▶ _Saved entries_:
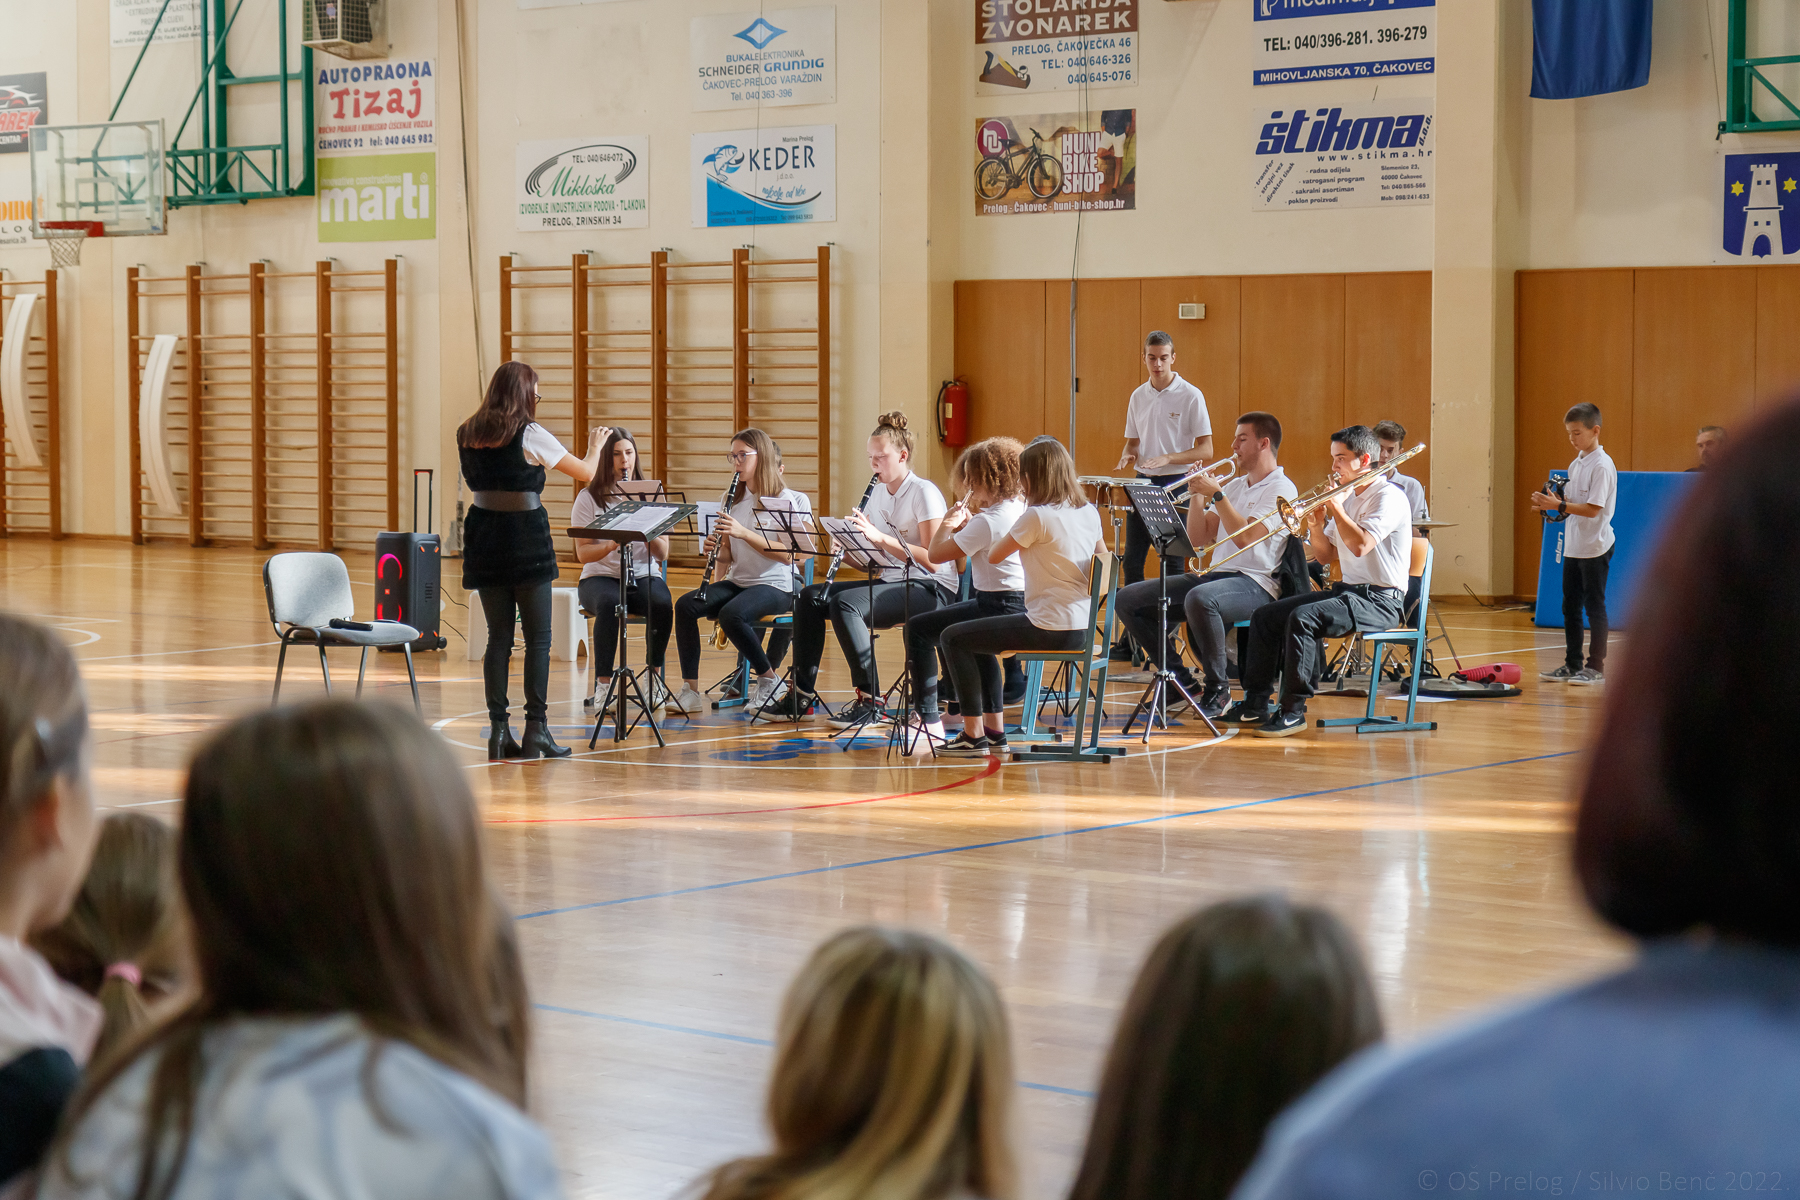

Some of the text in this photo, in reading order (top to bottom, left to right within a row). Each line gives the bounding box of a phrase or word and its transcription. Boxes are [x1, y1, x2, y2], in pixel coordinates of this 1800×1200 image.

[982, 10, 1131, 39] ZVONAREK
[1011, 37, 1131, 56] PRELOG, ČAKOVEČKA 46
[1263, 37, 1291, 52] TEL:
[1377, 25, 1428, 43] 396-279
[726, 49, 805, 63] BUKALELEKTRONIKA
[1041, 53, 1131, 69] TEL: 040/646-326
[318, 61, 432, 85] AUTOPRAONA
[698, 58, 825, 78] SCHNEIDER GRUNDIG
[1067, 70, 1132, 84] 040/645-076
[1260, 61, 1432, 82] MIHOVLJANSKA 70, ČAKOVEC
[702, 71, 822, 91] ČAKOVEC-PRELOG VARAŽDIN
[329, 79, 422, 119] Tizaj
[730, 91, 744, 101] Tel.
[745, 91, 760, 100] 040
[318, 133, 433, 150] ČEHOVEC 92 tel: 040 645 982
[1062, 131, 1102, 154] HUNI
[572, 154, 586, 163] TEL:
[749, 145, 815, 172] KEDER
[1062, 152, 1099, 174] BIKE
[1330, 166, 1351, 175] odijela
[536, 166, 616, 198] Mikloška
[1062, 171, 1105, 194] SHOP
[1302, 176, 1365, 185] vatrogasni program
[320, 172, 429, 223] marti
[1295, 186, 1320, 195] sakralni
[593, 200, 615, 211] PODOVA
[620, 199, 646, 211] TLAKOVA
[983, 203, 1008, 214] Prelog
[1014, 201, 1048, 212] Čakovec
[542, 215, 622, 227] PRELOG, ZRINSKIH 34

▶ _PROBLEM DETAILS_: Copy the data precisely. Skip every picture.

▶ _SOLUTION FOR THIS TASK_:
Some of the text in this photo, in reading order (top to bottom, left to right within a row). Each line gives the bounding box of a phrase or word and its transcription. Boxes are [x1, y1, x2, y2], in pixel coordinates of this 1800×1200 image.

[982, 10, 1131, 39] ZVONAREK
[1011, 37, 1131, 56] PRELOG, ČAKOVEČKA 46
[1263, 37, 1291, 52] TEL:
[1377, 25, 1428, 43] 396-279
[726, 49, 805, 63] BUKALELEKTRONIKA
[1041, 53, 1131, 69] TEL: 040/646-326
[318, 61, 432, 85] AUTOPRAONA
[698, 58, 825, 78] SCHNEIDER GRUNDIG
[1067, 70, 1132, 84] 040/645-076
[1260, 61, 1432, 82] MIHOVLJANSKA 70, ČAKOVEC
[702, 71, 822, 91] ČAKOVEC-PRELOG VARAŽDIN
[329, 79, 422, 119] Tizaj
[730, 91, 744, 101] Tel.
[745, 91, 760, 100] 040
[318, 133, 433, 150] ČEHOVEC 92 tel: 040 645 982
[1062, 131, 1102, 154] HUNI
[572, 154, 586, 163] TEL:
[749, 145, 815, 172] KEDER
[1062, 152, 1099, 174] BIKE
[1330, 166, 1351, 175] odijela
[536, 166, 616, 198] Mikloška
[1062, 171, 1105, 194] SHOP
[1302, 176, 1365, 185] vatrogasni program
[320, 172, 429, 223] marti
[1295, 186, 1320, 195] sakralni
[593, 200, 615, 211] PODOVA
[620, 199, 646, 211] TLAKOVA
[983, 203, 1008, 214] Prelog
[1014, 201, 1048, 212] Čakovec
[542, 215, 622, 227] PRELOG, ZRINSKIH 34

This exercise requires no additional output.